• [EXTRACTED MATERIAL]
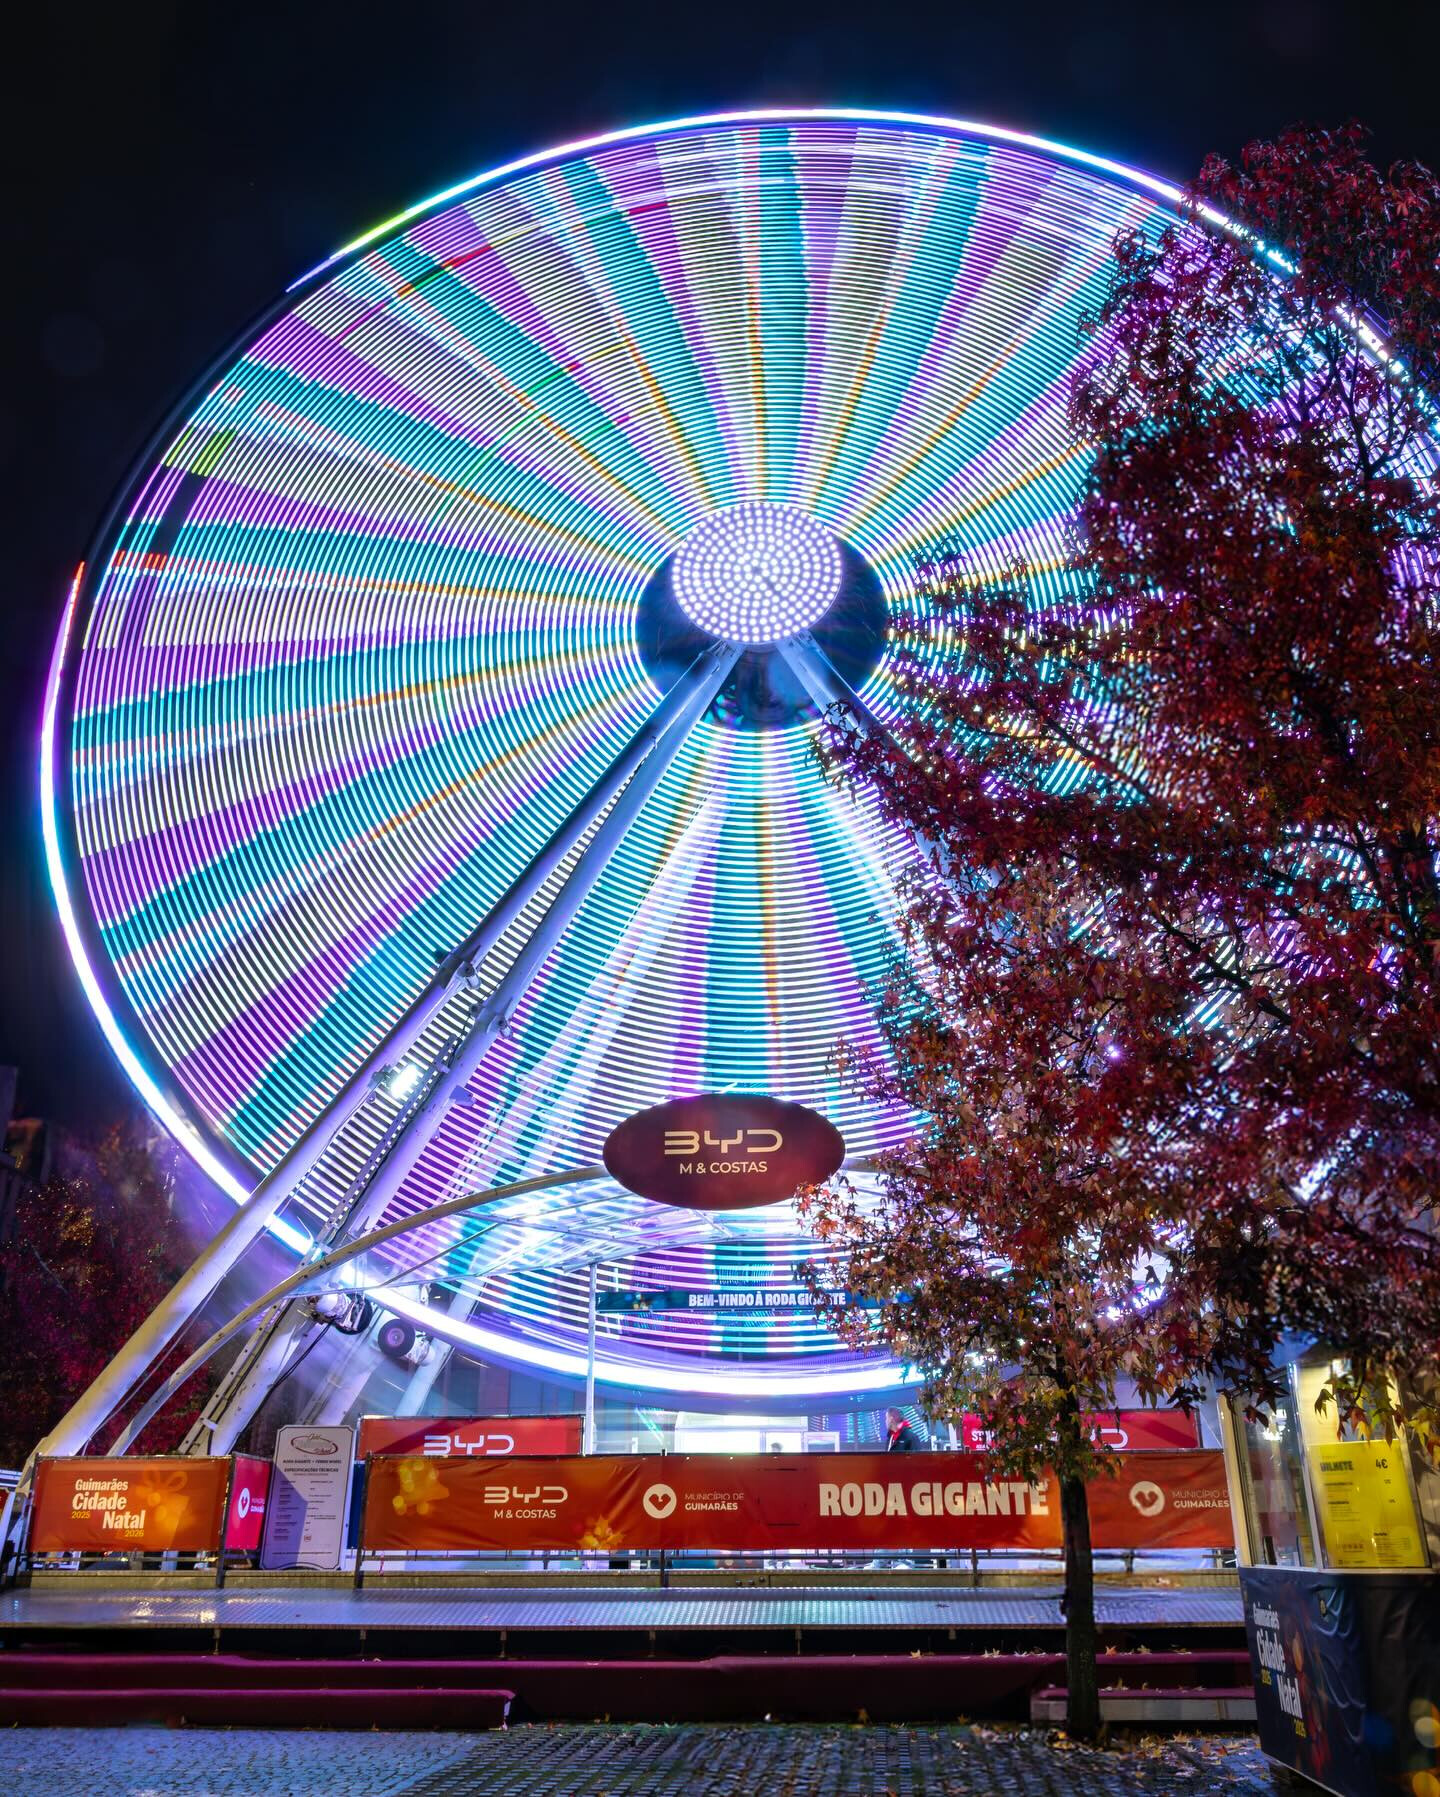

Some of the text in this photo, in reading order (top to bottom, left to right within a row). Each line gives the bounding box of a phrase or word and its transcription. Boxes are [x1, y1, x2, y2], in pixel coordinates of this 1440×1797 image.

[664, 1129, 783, 1155] BYD
[679, 1161, 768, 1174] M & COSTAS
[688, 1293, 754, 1307] BEM-VINDO
[755, 1291, 763, 1306] À
[765, 1293, 796, 1307] RODA
[423, 1434, 515, 1455] BYD
[1375, 1459, 1388, 1469] 4€
[75, 1478, 129, 1491] Guimarães
[484, 1486, 568, 1504] BYD
[684, 1491, 731, 1501] MUNICÍPIO
[819, 1481, 1049, 1516] RODA GIGANTE
[1172, 1488, 1220, 1498] MUNICÍPIO
[72, 1491, 127, 1510] Cidade
[685, 1501, 738, 1511] GUIMARÃES
[1173, 1499, 1230, 1509] GUIMARÃES
[71, 1511, 90, 1519] 2025
[102, 1510, 146, 1529] Natal
[494, 1510, 557, 1518] M & COSTAS
[124, 1529, 144, 1537] 2026
[1257, 1629, 1286, 1674] Cidade
[1277, 1674, 1302, 1719] Natal

• [TASK TO COMPLETE] In full and without change, repeat the material above, minus the pictures.

• [THE ANSWER]
Some of the text in this photo, in reading order (top to bottom, left to right within a row). Each line gives the bounding box of a phrase or word and its transcription. Boxes are [x1, y1, x2, y2], in pixel coordinates of this 1440×1797 image.

[664, 1129, 783, 1155] BYD
[679, 1161, 768, 1174] M & COSTAS
[688, 1293, 754, 1307] BEM-VINDO
[755, 1291, 763, 1306] À
[765, 1293, 796, 1307] RODA
[423, 1434, 515, 1455] BYD
[1375, 1459, 1388, 1469] 4€
[75, 1478, 129, 1491] Guimarães
[484, 1486, 568, 1504] BYD
[684, 1491, 731, 1501] MUNICÍPIO
[819, 1481, 1049, 1516] RODA GIGANTE
[1172, 1488, 1220, 1498] MUNICÍPIO
[72, 1491, 127, 1510] Cidade
[685, 1501, 738, 1511] GUIMARÃES
[1173, 1499, 1230, 1509] GUIMARÃES
[71, 1511, 90, 1519] 2025
[102, 1510, 146, 1529] Natal
[494, 1510, 557, 1518] M & COSTAS
[124, 1529, 144, 1537] 2026
[1257, 1629, 1286, 1674] Cidade
[1277, 1674, 1302, 1719] Natal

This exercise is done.